For example, some matrix operations, such as matrix multiplication, involve algorithms that, if coded simplistically, have poor locality of reference. Matrix operations generally involve accessing the matrix data sequentially, such as row elements acting on column elements. Each compiler has specific rules about the storage layout of matrixes. The FORTRAN compiler lays out matrixes in column-major format (that is, all of the elements of column 1, followed by all the elements of column 2, and so forth). The C compiler lays out matrixes in row-major format. If the matrixes are small, the row and column elements can be contained in the data cache, and the processor and floating-point unit can run at full speed. However, as the size of the matrixes increases, the locality of reference of such row/column operations deteriorates to a point where the data can no longer be maintained in the cache. In fact, the natural access pattern of the row/column operations generates a thrashing pattern for the cache where a string of elements accessed is larger than the cache, forcing the initially accessed elements out and then repeating the access pattern again for the same data.

The general solution to such matrix access patterns is to partition the operation into blocks, so that multiple operations on the same elements can be performed while they remain in the cache. This general technique is given the name strip mining.

Experts in numerical analysis were asked to code versions of the matrix-manipulation algorithms that made use of strip mining and other optimization techniques. The result was a 30-fold improvement in matrix-multiplication performance. The tuned routines are in the Basic Linear Algebra Subroutines (BLAS) library, /usr/lib/libblas.a. A larger set of performance-tuned subroutines is the Engineering and Scientific Subroutine Library (ESSL) licensed program.

The functions and interfaces of the Basic Linear Algebra Subroutines are documented in AIX 5L Version 5.1 Technical Reference. The FORTRAN run-time environment must be installed to use the library. Users should generally use this library for their matrix and vector operations because its subroutines are tuned to a degree that users are unlikely to achieve by themselves.

If the data structures are controlled by the programmer, other efficiencies are possible. The general principle is to pack frequently used data together whenever possible. If a structure contains frequently accessed control information and occasionally accessed detailed data, make sure that the control information is allocated in consecutive bytes. This will increase the probability that all of the control information will be loaded into the cache with a single (or at least with the minimum number of) cache misses.
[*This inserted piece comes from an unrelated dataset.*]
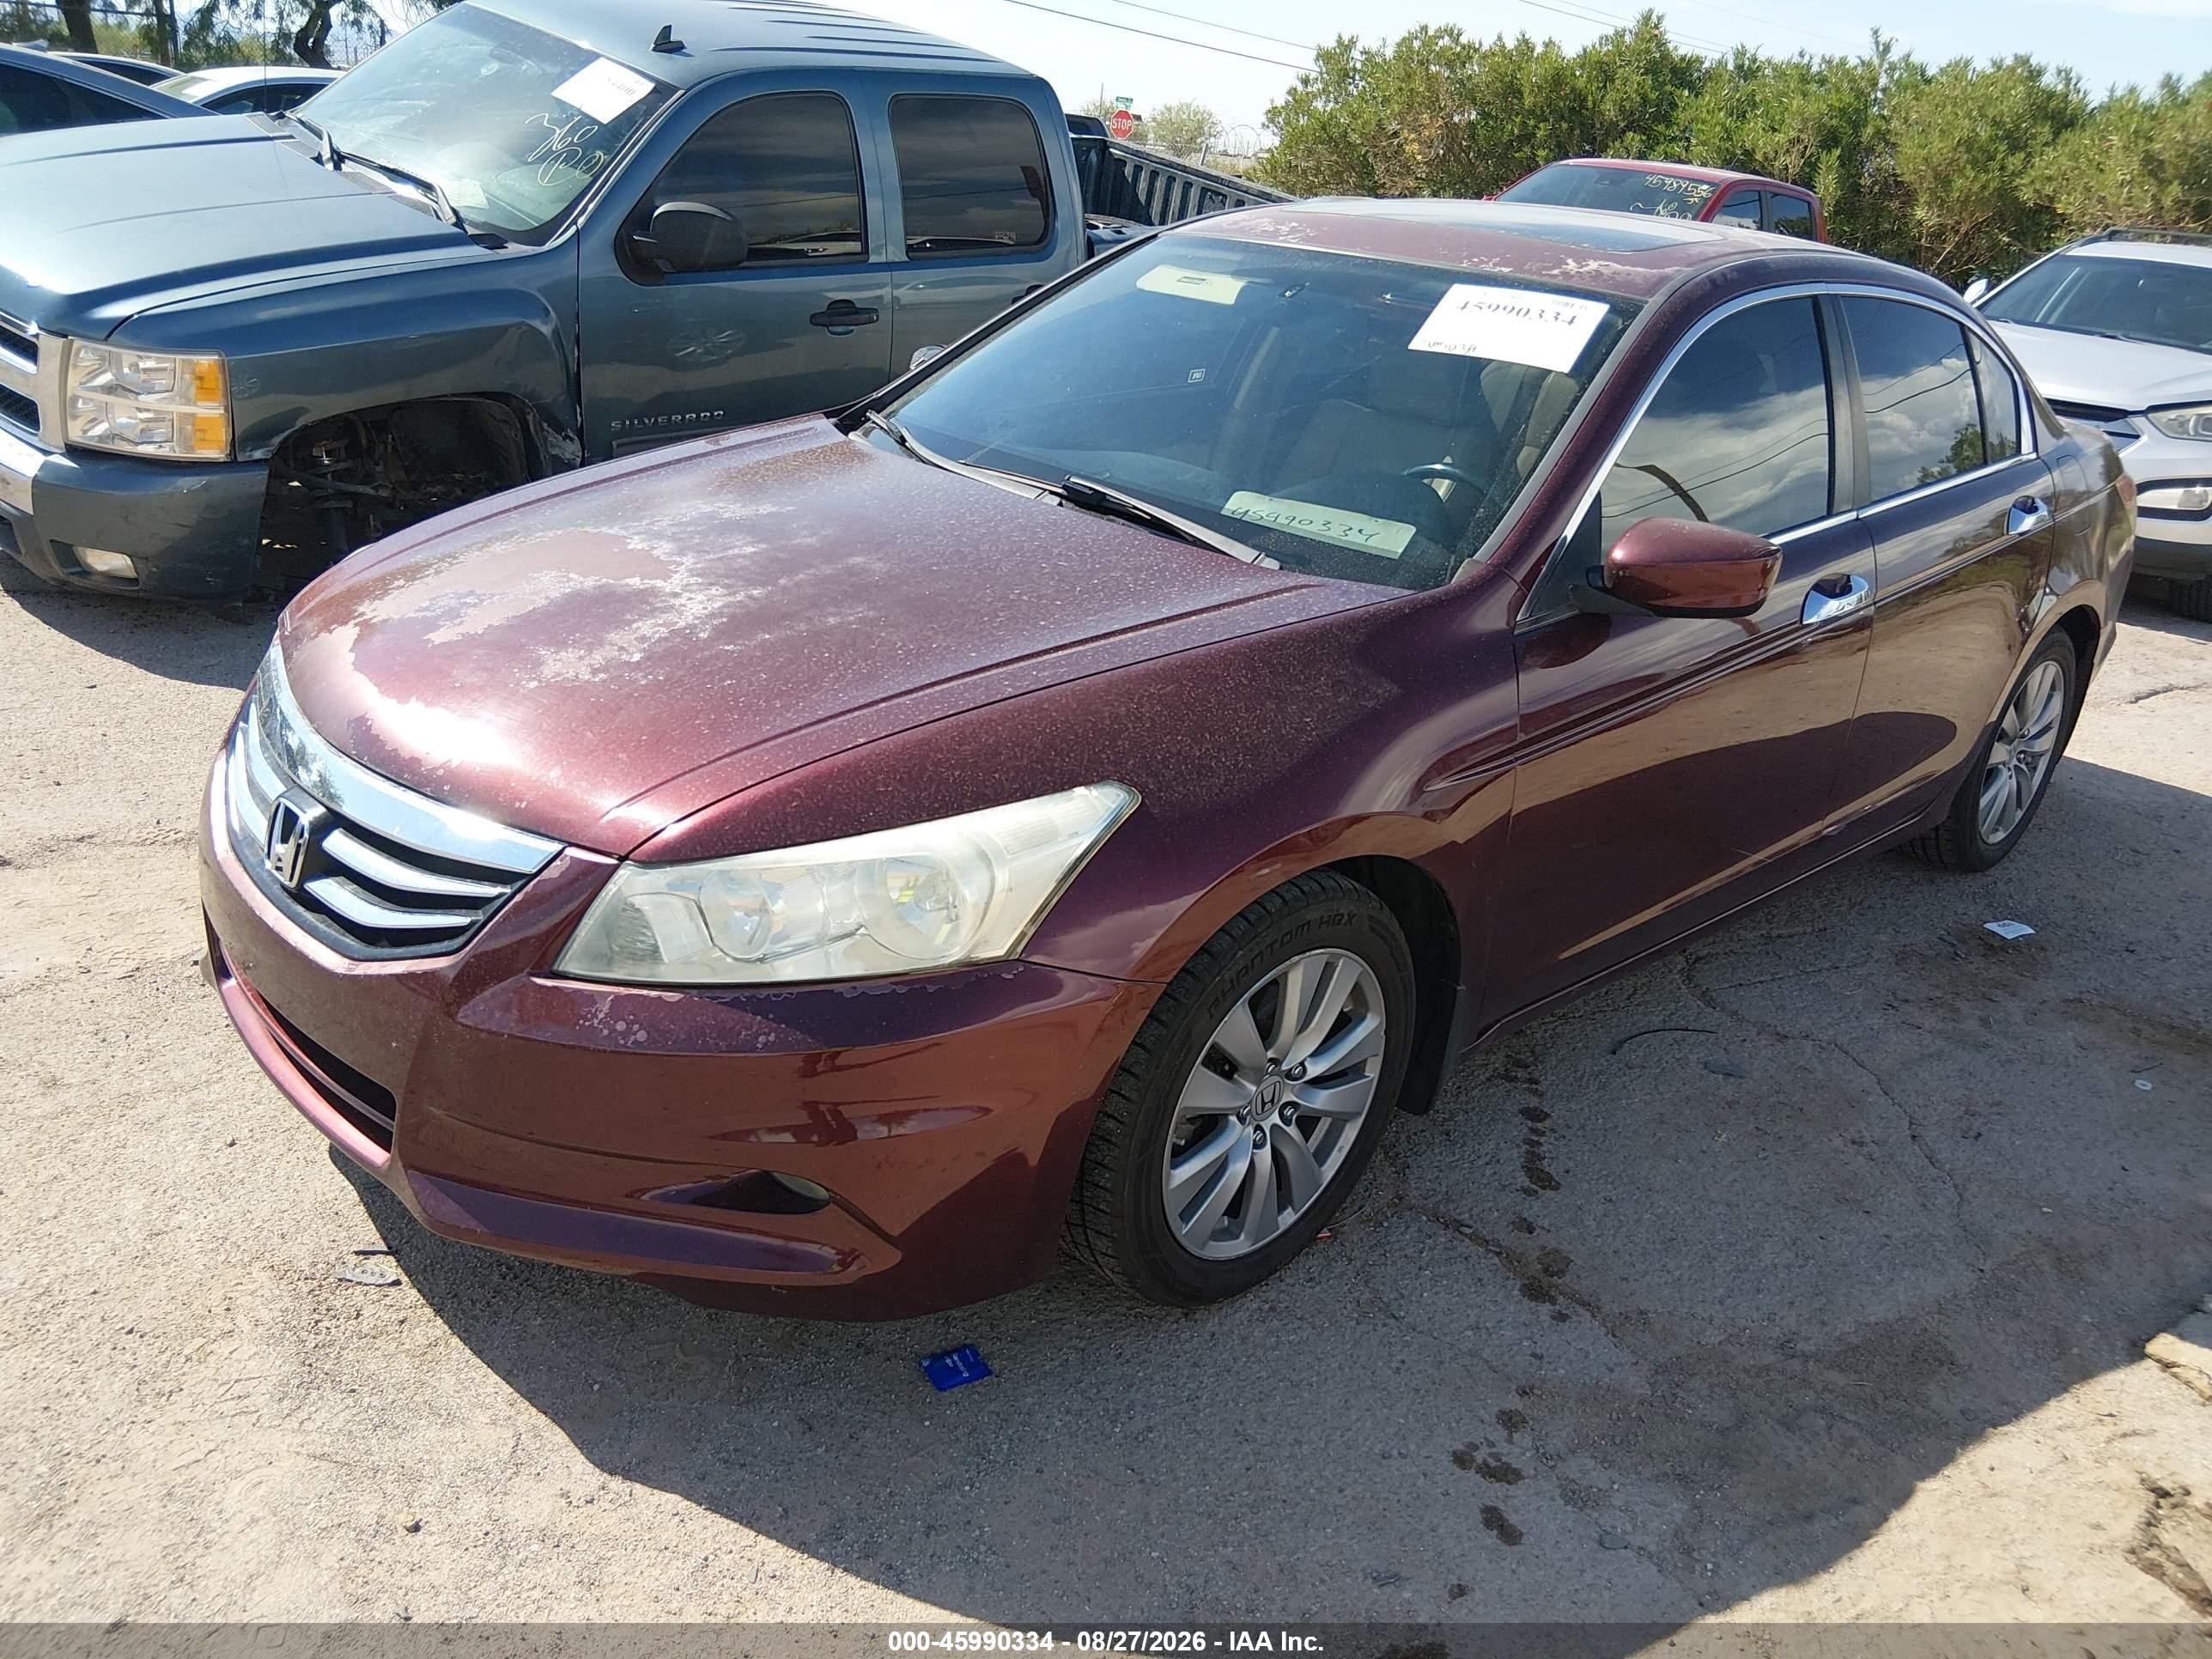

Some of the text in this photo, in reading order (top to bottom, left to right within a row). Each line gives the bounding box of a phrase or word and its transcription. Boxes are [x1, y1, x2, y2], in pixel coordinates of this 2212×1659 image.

Effective Use of Preprocessors and the Compilers

The programmer who wants to obtain the highest possible performance from a given program running on a given machine must deal with several considerations:

There are preprocessors that can rearrange some source code structures to form a functionally equivalent source module that can be compiled into more efficient executable code.
Just as there are several variants of the architecture, there are several compiler options to allow optimal compilation for a specific variant or set of variants.
The programmer can use the #pragma feature to inform the C compiler of certain aspects of the program that will allow the compiler to generate more efficient code by relaxing some of its worst-case assumptions.
There are several levels of optimization that give the compiler different degrees of freedom in instruction rearrangement.

Programmers who are unable to experiment, should always optimize. The difference in performance between optimized and unoptimized code is almost always so large that basic optimization (the -O option of the compiler commands) should always be used. The only exceptions are testing situations in which there is a specific need for straightforward code generation, such as statement-level performance analysis using the tprof tool.

These techniques yield additional performance improvement for some programs, but the determination of which combination yields the best performance for a specific program might require considerable recompilation and measurement.

For an extensive discussion of the techniques for efficient use of compilers, see Optimization and Tuning Guide for XL Fortran, XL C and XL C++.

Levels of Optimization

The levels of optimization in the compilers are as follows:

No Optimization

In the absence of any version of the -O flag, the compiler generates straightforward code with no instruction reordering or other attempt at performance improvement.

-O or -O2

These equivalent flags cause the compiler to optimize on the basis of conservative assumptions about code reordering. Only explicit relaxations such as the #pragma directives are used. This level performs no software pipelining, loop unrolling, or simple predictive commoning. It also constrains the amount of memory the compiler can use.

-O3

This flag directs the compiler to be aggressive about the optimization techniques used and to use as much memory as necessary for maximum optimization.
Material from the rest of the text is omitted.